I wanted to direct my anger at the lab tech who put my sexuality on trial and denied my donation, but I saw that she was pained by the situation as well, and thinking how often she must go through it, I left quietly. I believe I’m making a better decision today when I answer negatively, but the law and the need for healthy blood like mine make an ethically perfect decision impossible.
Tracy Matthew Burridge, 48
After the Pulse massacre, I decided to donate blood for the first time in 48 years. I knew there was a ban on homosexual donations but I do not have HIV and I am on PrEP so I wanted to do my part. I heard there was a temp lift on the ban so I went in. I was turned away. The door to the office I was in was closed and I was told I would need to abstain from sex with the man I am in a relationship for a year and then I would be eligible. I am type O blood and find it incredible that my blood is being turned away because of my genetic predisposition to being attracted to other men.
Jack S., 32
I’ve never been banned because I’ve always lied about my sexuality and sexual activity. As a gay man who tested every three months, I was confident I was lying for a greater good without putting others at risk. The act of hiding who I am in order to potentially save a life, though, was stressful and shameful. Whenever I wanted to do this good act, I was reminded that, to some people, even my blood was “less than.”
Robert Ferguson, 41
I grew up and attended school from K-12 in a small town of fewer than 1,000 people. I knew from an age when I was young enough to have attraction, but not yet know about sex, that I was solely interested in the same gender. I was a virgin, and didn’t “come out” until I turned 31 for a number of reasons.

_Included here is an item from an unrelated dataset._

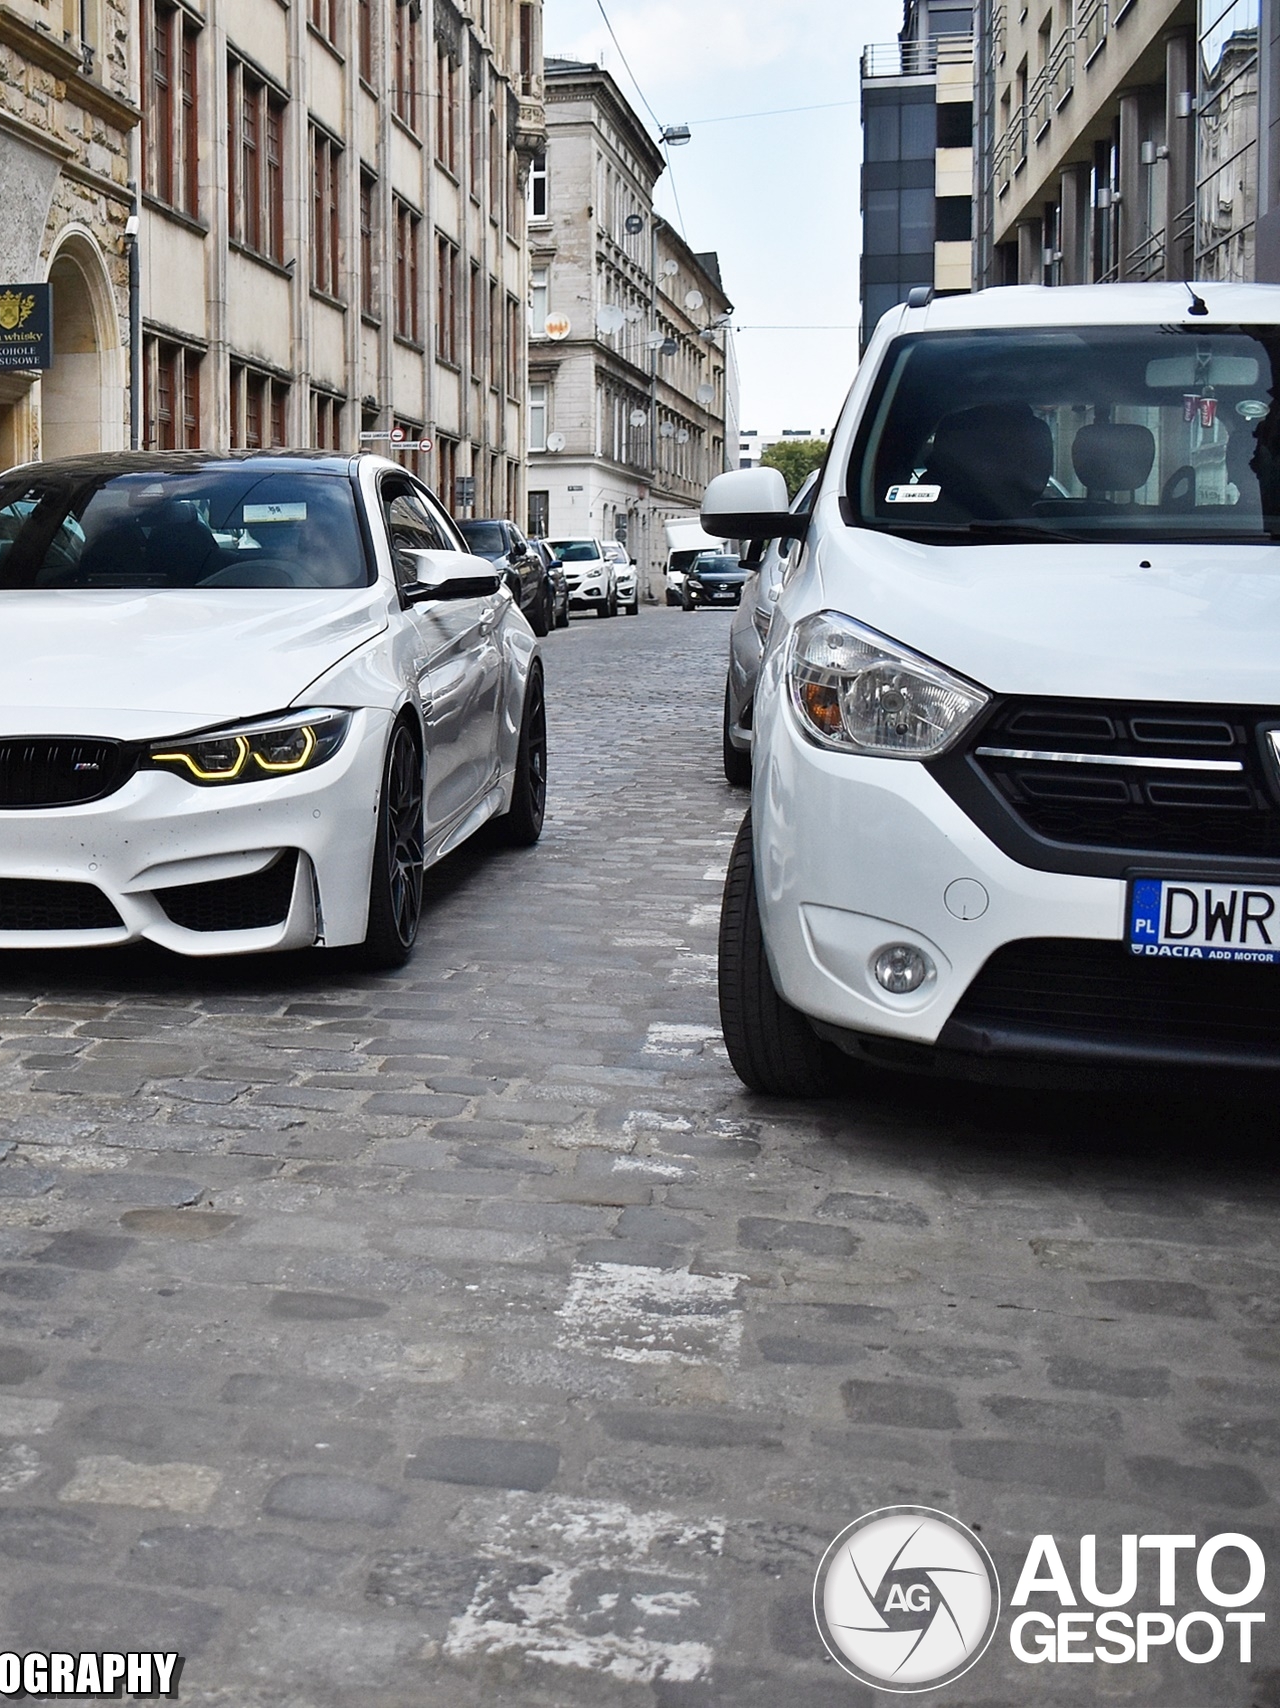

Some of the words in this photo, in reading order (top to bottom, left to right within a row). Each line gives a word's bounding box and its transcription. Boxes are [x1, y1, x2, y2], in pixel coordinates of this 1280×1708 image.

When I was a senior in high school, I had my first opportunity to donate blood. I did so proudly, and every time afterward when a blood drive was held. At this stage of my life, I remained almost certain I would never have the chance at sex, as I’d never known a homosexual and figured that would never change. Finally, again I was 31, and whether it was from loneliness or enlightenment, all this changed. The next time I visited a bloodmobile, I had recently been tested for HIV. I tested negative and remain so to this day. When I came to that question, I felt confident in lying and donated. I hated lying though, and have never attempted to donate since.